Europe’s shortage of natural gas looks unlikely to ease anytime soon, driving energy bills for businesses and households into the stratosphere. But officials stopped short of mandatory gas rationing—for now.
Energy officials from across the European Union met on July 26 to vote on an emergency response plan to the bloc’s gas crisis, a day after Russia’s Gazprom said it would further slash gas deliveries—which have already plummeted since the invasion of Ukraine. Nord Stream 1, the main pipeline for Russian gas into Europe, is now running at just 20% capacity, which is not enough gas for Germany and other Russia-reliant countries to refill their storage tanks ahead of peak demand in the winter.

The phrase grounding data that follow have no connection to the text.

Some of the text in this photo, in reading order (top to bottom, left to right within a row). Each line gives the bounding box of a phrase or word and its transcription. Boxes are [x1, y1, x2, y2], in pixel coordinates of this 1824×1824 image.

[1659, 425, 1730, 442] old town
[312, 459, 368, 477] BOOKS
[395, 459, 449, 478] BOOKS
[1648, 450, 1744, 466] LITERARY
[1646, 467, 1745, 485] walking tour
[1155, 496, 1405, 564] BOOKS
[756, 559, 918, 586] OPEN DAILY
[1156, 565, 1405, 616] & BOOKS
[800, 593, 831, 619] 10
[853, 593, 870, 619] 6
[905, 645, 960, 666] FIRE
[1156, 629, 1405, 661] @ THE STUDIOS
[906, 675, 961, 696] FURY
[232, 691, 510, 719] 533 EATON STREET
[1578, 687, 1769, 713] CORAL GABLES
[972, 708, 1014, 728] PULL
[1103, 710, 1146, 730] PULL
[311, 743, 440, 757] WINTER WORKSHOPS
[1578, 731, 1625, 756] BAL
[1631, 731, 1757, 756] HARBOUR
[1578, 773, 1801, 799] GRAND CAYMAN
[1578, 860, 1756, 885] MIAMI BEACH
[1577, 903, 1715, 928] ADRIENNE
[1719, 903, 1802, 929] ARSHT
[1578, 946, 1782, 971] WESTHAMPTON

Under the newly adopted plan, all EU countries will curb their gas consumption by at least 15% for the next nine months. The cuts are voluntary, but could become mandatory—with fees for non-compliance—if the situation escalates and a majority of countries agree. Exemptions to mandatory rationing would be possible for countries like Spain whose infrastructure to share gas with other EU countries is limited, and for economically critical factories.
Most leaders agree in principle that their countries should strive to use less gas, in order to buffer the ability of Russian president Vladimir Putin to use it as an economic weapon. Europe’s gas consumption is already about 11% lower this year than last, simply because of how expensive it has become, according to energy intelligence firm Wood Mackenzie. But mandatory rationing is still opposed by many countries, including Spain, Portugal, and Greece, which either use relatively little gas or source most of their supply from somewhere other than Russia (North Africa, for example).
Putin’s decision to tighten the Nord Stream spigot put those countries in a stronger negotiating position to demand flexibility around rationing, because now Germany’s situation is now dire enough that it was willing to settle for voluntary cuts, said Paddy Ryan, assistant director of the Global Energy Center at the Atlantic Council, a Washington think-tank.
Rationing will affect factories before households
Rationing, if it happens, will primarily affect large, nonessential industrial users—cement factories, for example. Germany has already set up a system in which factories are paid to shut off their gas, which is then auctioned to other users. Government buildings will also control their thermostats more tightly. Household heating, although likely to be exempt from rationing, is Europe’s biggest source of demand for gas, so winter temperatures will be a decisive factor in how tight the overall market becomes. It’s likely that more utility companies will, like Germany’s Uniper, need to be bailed out or face bankruptcy.
Europe is scrambling to find alternatives to Russian gas, to avoid a repeat of this crisis in years to come. EU leaders signed a gas deal with Azerbaijan last week, and Germany broke ground on its first liquefied natural gas (LNG) terminal in order to take deliveries from the US. The EU is also pouring €113 billion ($115 billion) into renewable energy projects. But all this infrastructure will take several years to build, so Europeans should get used to dicey supply and high prices. Whether all of this leads to more draconian rationing later in the year depends on the weather—and on Putin’s whims.
“The next few winters will be incredibly volatile,” Ryan said. “This won’t go away anytime soon.”